The lumbar spinal canalWritten by:
Canal stenosis, as the name suggests, is the decrease in the diameters of the lumbar canal where are the final part of the spinal cord and nerve roots of the cauda equina, responsible for movement of the lower limbs and control of sphincters.
These diameters may be normal or congenitally handicapped by a degenerative process.
This degenerative process begins at the age of 45 years. This is a very common process: 95 % of men and 80 % of women over 65 years of clinical stenosis, or radiologically channel.
The clinical symptoms are essentially the back pain in lower limbs and sensory disturbances such as tingling members as well as the loss of strength after walking more than 100 meters or less and the relief of symptoms when sitting or standing and also to flex the trunk on the pelvis and trunk extending worsening. Therefore, the window is called syndrome because the patient has to stop for a few minutes the symptoms disappear.
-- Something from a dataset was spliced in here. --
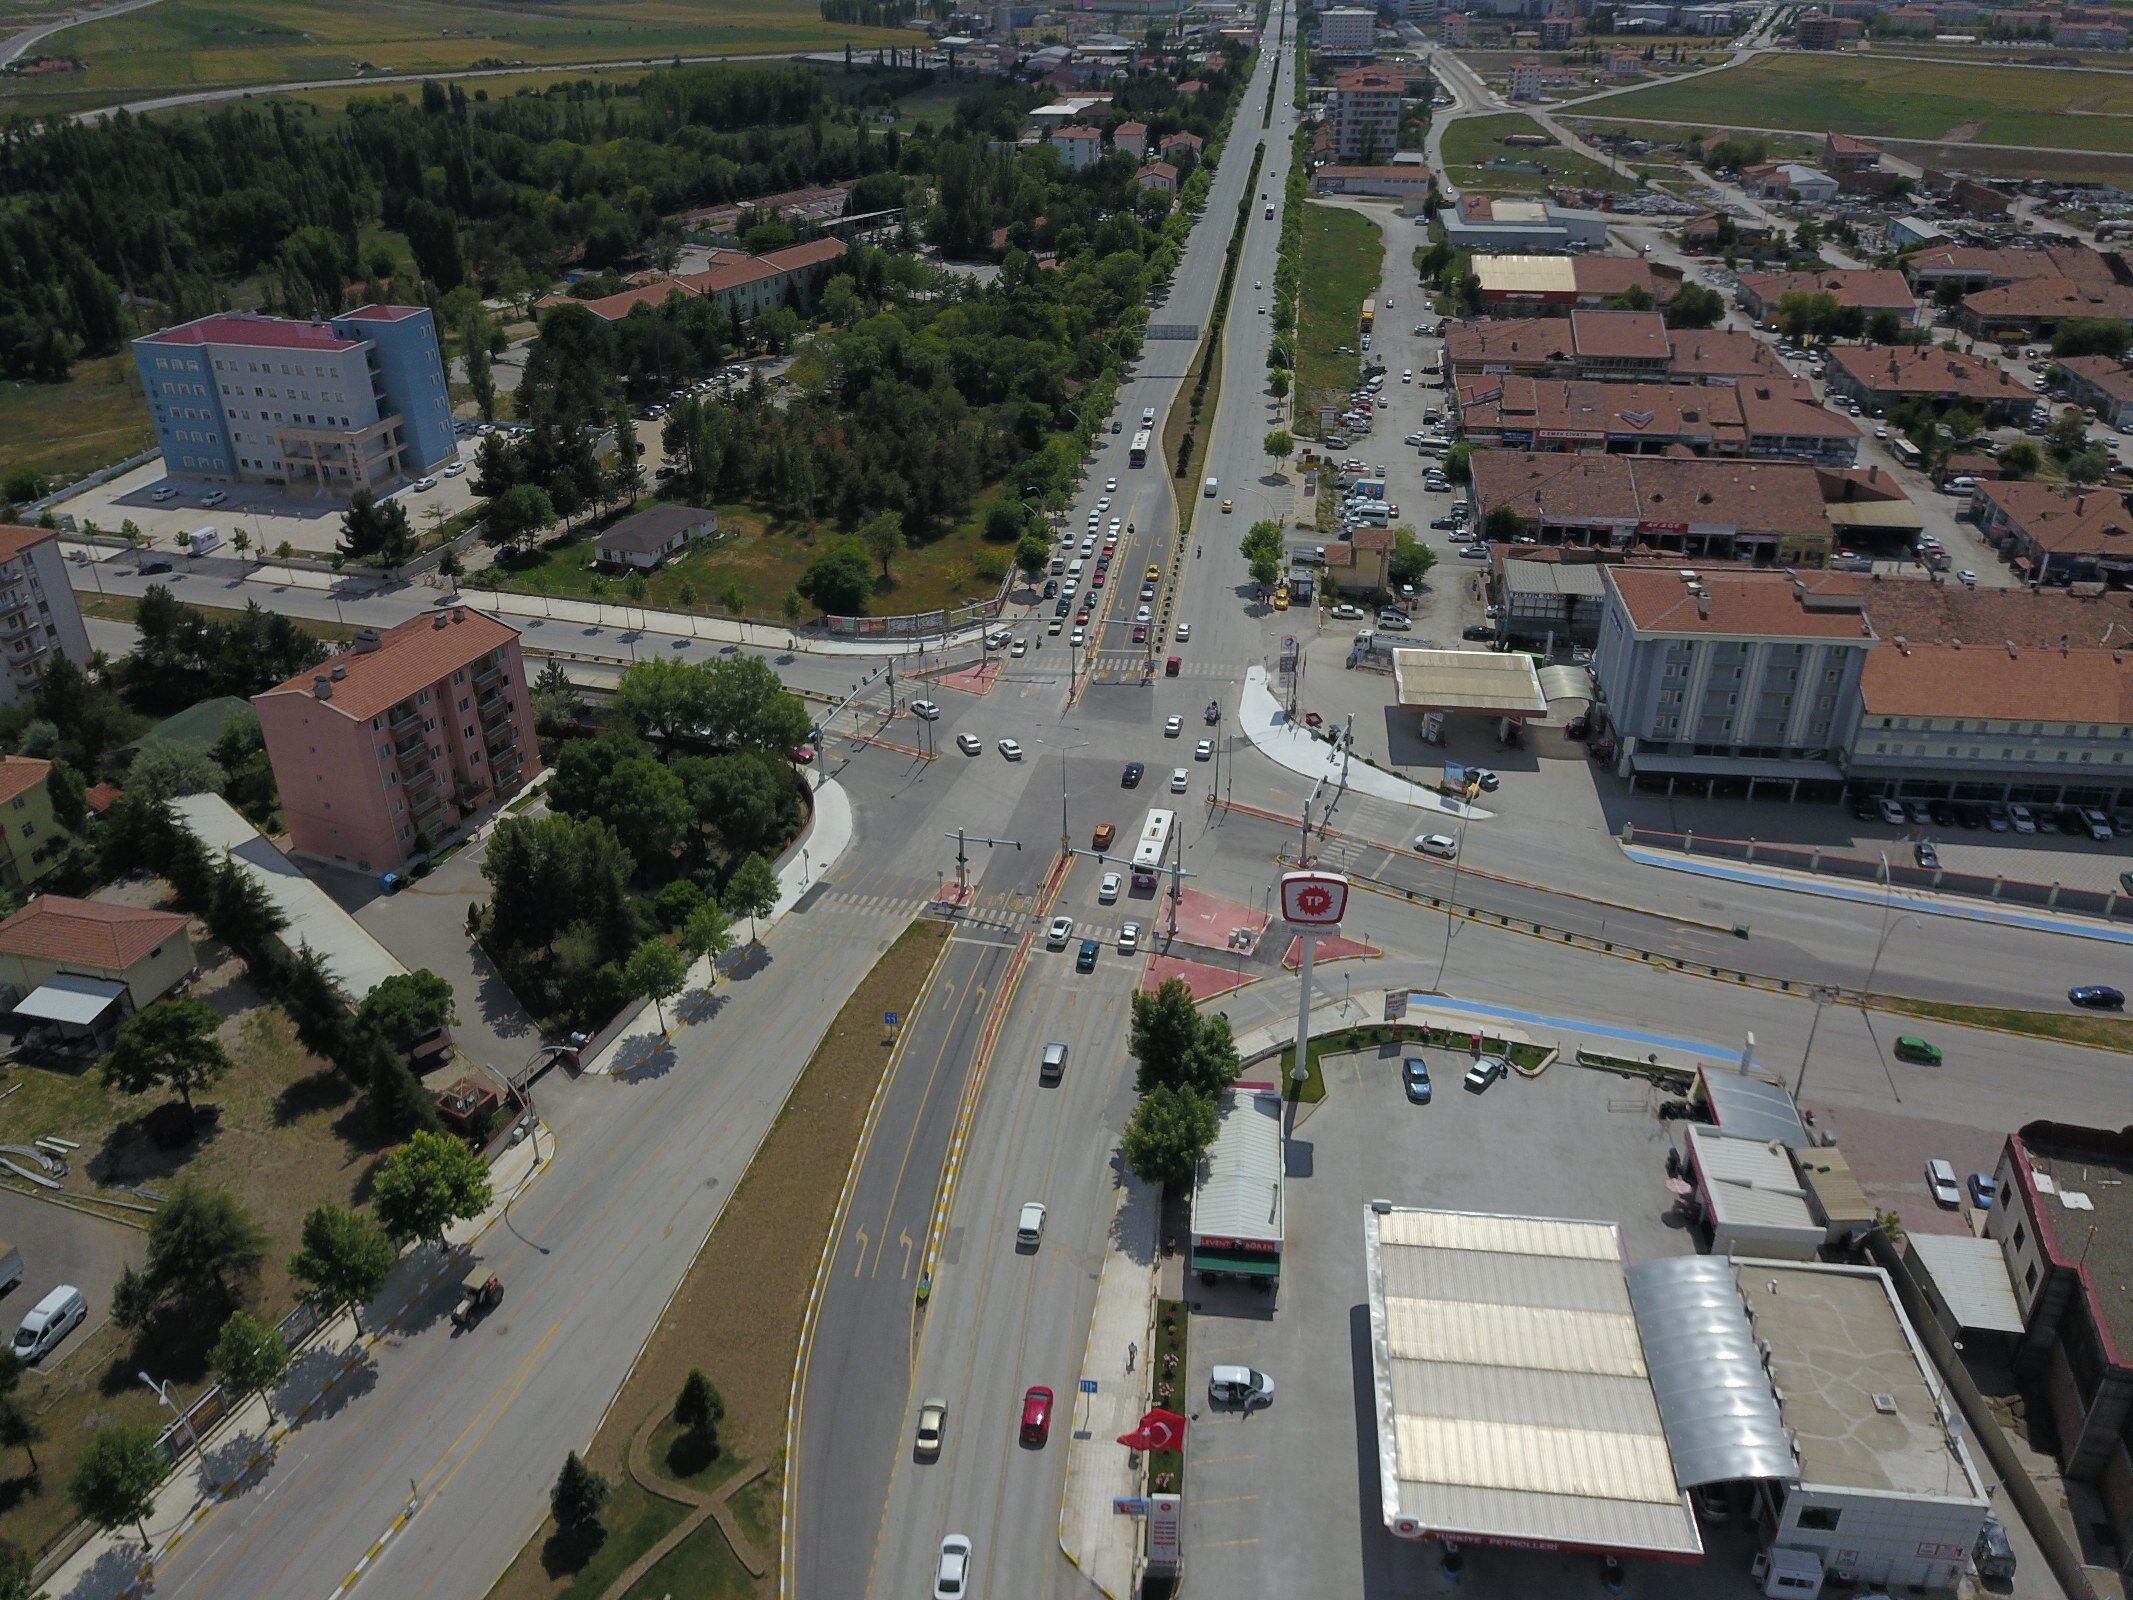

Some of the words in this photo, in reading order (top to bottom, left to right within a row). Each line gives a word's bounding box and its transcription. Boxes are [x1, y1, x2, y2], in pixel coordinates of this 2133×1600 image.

[1306, 896, 1324, 906] TP
[1435, 1532, 1482, 1545] TÜRKİYE
[1489, 1537, 1558, 1551] PETROLLERİ
Treatment for severe lumbar canal stenosis is the laminectomy, which involves removing the back of the vertebra. Sometimes it is necessary to place pedicle screws.
Recently, this technique can be replaced by another technique which solves the problem and makes the symptoms disappear. It is a very simple intervention, it is an interspinous device placed between the upper and lower vertebra and gradually increases the size of the channel and conduit or hole through which the nerves. This device does not have any complications and intervention is performed in 30 minutes. EI patient is discharged within 24 to 48 hours and two weeks can lead a normal life.
This type of prosthesis also can be used in the treatment of patients with lumbar disc herniations bulky.
lumbar disc herniation
Another type of pathology of the spine is the herniated disc. It is estimated that 80-90 % of people will have back pain at some point in their life. A large percentage of that pain is caused by herniated disc disorder that causes 9 out of 10 back problems.
EI conservative treatment of disc herniation, ie, the non-surgical treatment is effective in some cases. Fortunately, it is estimated that 20 % of hernias are reabsorbed. But there is a 80% of hernias that do not go alone.
Currently, there are multiple therapeutic options, although not in all cases the solution passes through the OR. When the pain does not subside after acute and follow a regimen of rest, surgery is seen as the best option. The microsurgical technique is the most effective in treating herniated discs because it can be applied in all kinds of cases and has a result of 97% success.